---- Extracted information
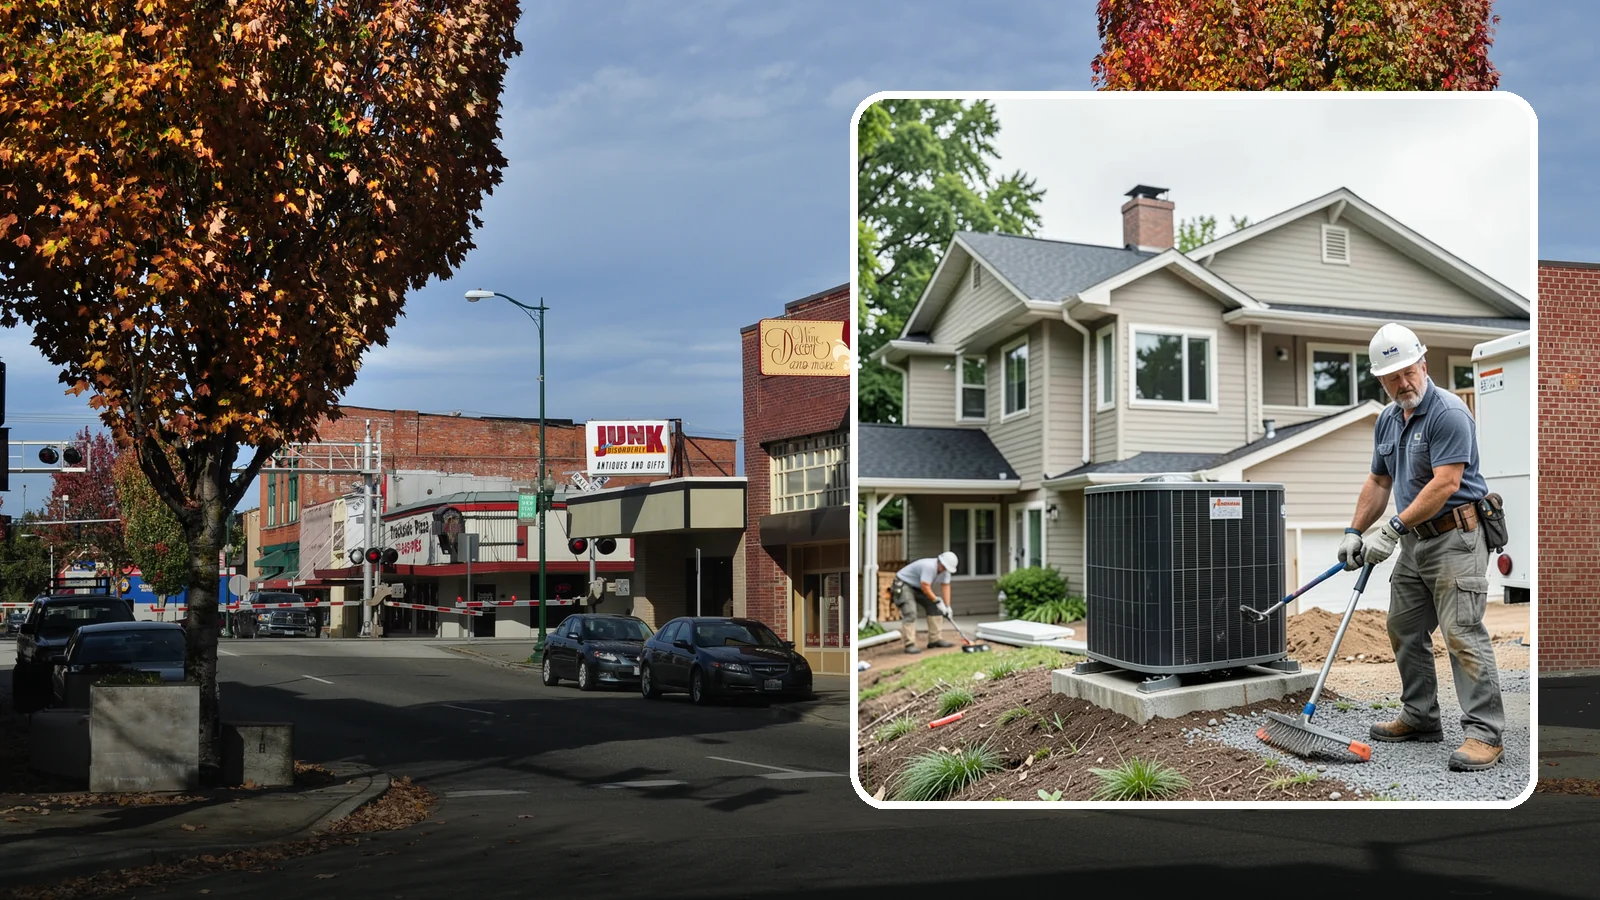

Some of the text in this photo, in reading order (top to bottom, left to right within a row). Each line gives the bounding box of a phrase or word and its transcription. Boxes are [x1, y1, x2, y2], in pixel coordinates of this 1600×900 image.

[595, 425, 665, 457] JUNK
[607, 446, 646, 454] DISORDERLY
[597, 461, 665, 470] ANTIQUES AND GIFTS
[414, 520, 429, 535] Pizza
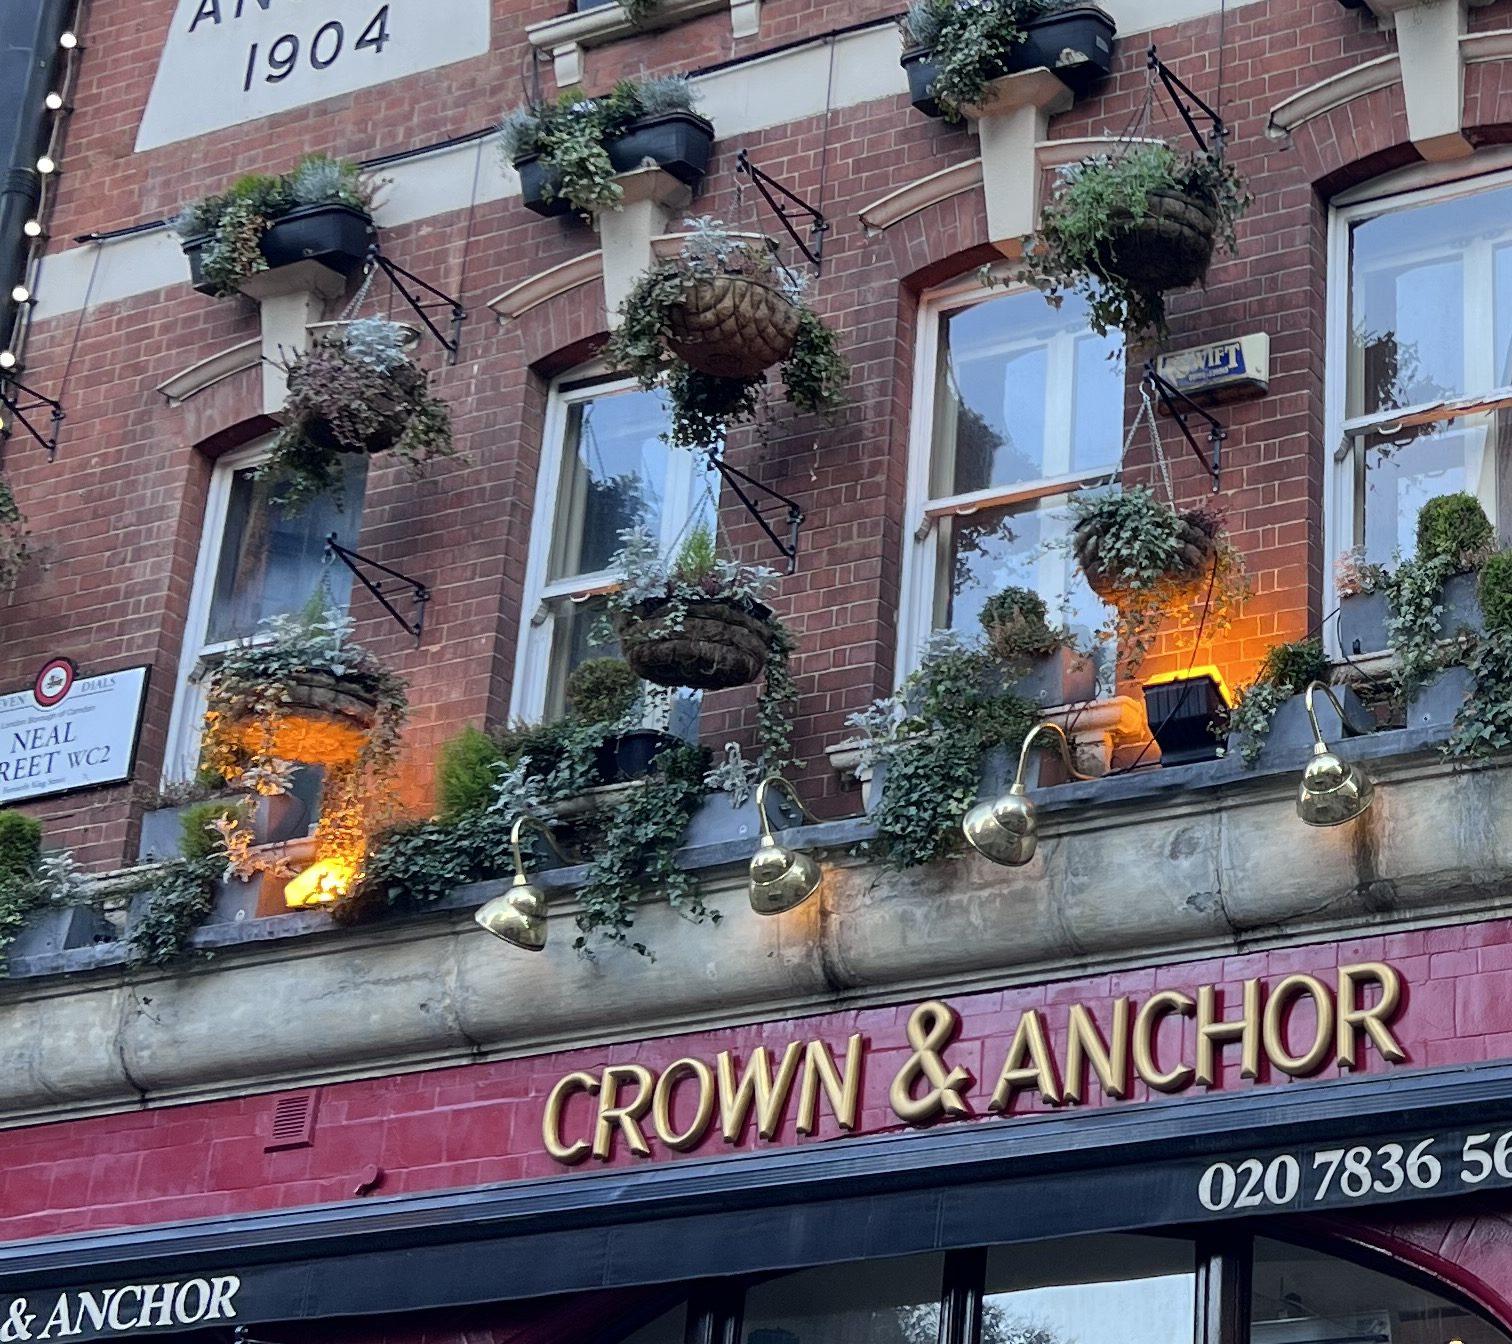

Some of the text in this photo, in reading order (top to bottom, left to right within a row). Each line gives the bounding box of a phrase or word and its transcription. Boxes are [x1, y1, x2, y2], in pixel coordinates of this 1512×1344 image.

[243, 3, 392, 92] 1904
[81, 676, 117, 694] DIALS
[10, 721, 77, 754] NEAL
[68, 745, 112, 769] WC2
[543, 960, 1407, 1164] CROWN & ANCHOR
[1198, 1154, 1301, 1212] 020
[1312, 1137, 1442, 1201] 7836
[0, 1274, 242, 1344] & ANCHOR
--------
The problem =
Apart from the images, the entries above must be returned without alteration.

Output below =
Some of the text in this photo, in reading order (top to bottom, left to right within a row). Each line gives the bounding box of a phrase or word and its transcription. Boxes are [x1, y1, x2, y2], in pixel coordinates of this 1600×900 image.

[595, 425, 665, 457] JUNK
[607, 446, 646, 454] DISORDERLY
[597, 461, 665, 470] ANTIQUES AND GIFTS
[414, 520, 429, 535] Pizza

Some of the text in this photo, in reading order (top to bottom, left to right within a row). Each line gives the bounding box of a phrase or word and its transcription. Boxes are [x1, y1, x2, y2], in pixel coordinates of this 1512×1344 image.

[243, 3, 392, 92] 1904
[81, 676, 117, 694] DIALS
[10, 721, 77, 754] NEAL
[68, 745, 112, 769] WC2
[543, 960, 1407, 1164] CROWN & ANCHOR
[1198, 1154, 1301, 1212] 020
[1312, 1137, 1442, 1201] 7836
[0, 1274, 242, 1344] & ANCHOR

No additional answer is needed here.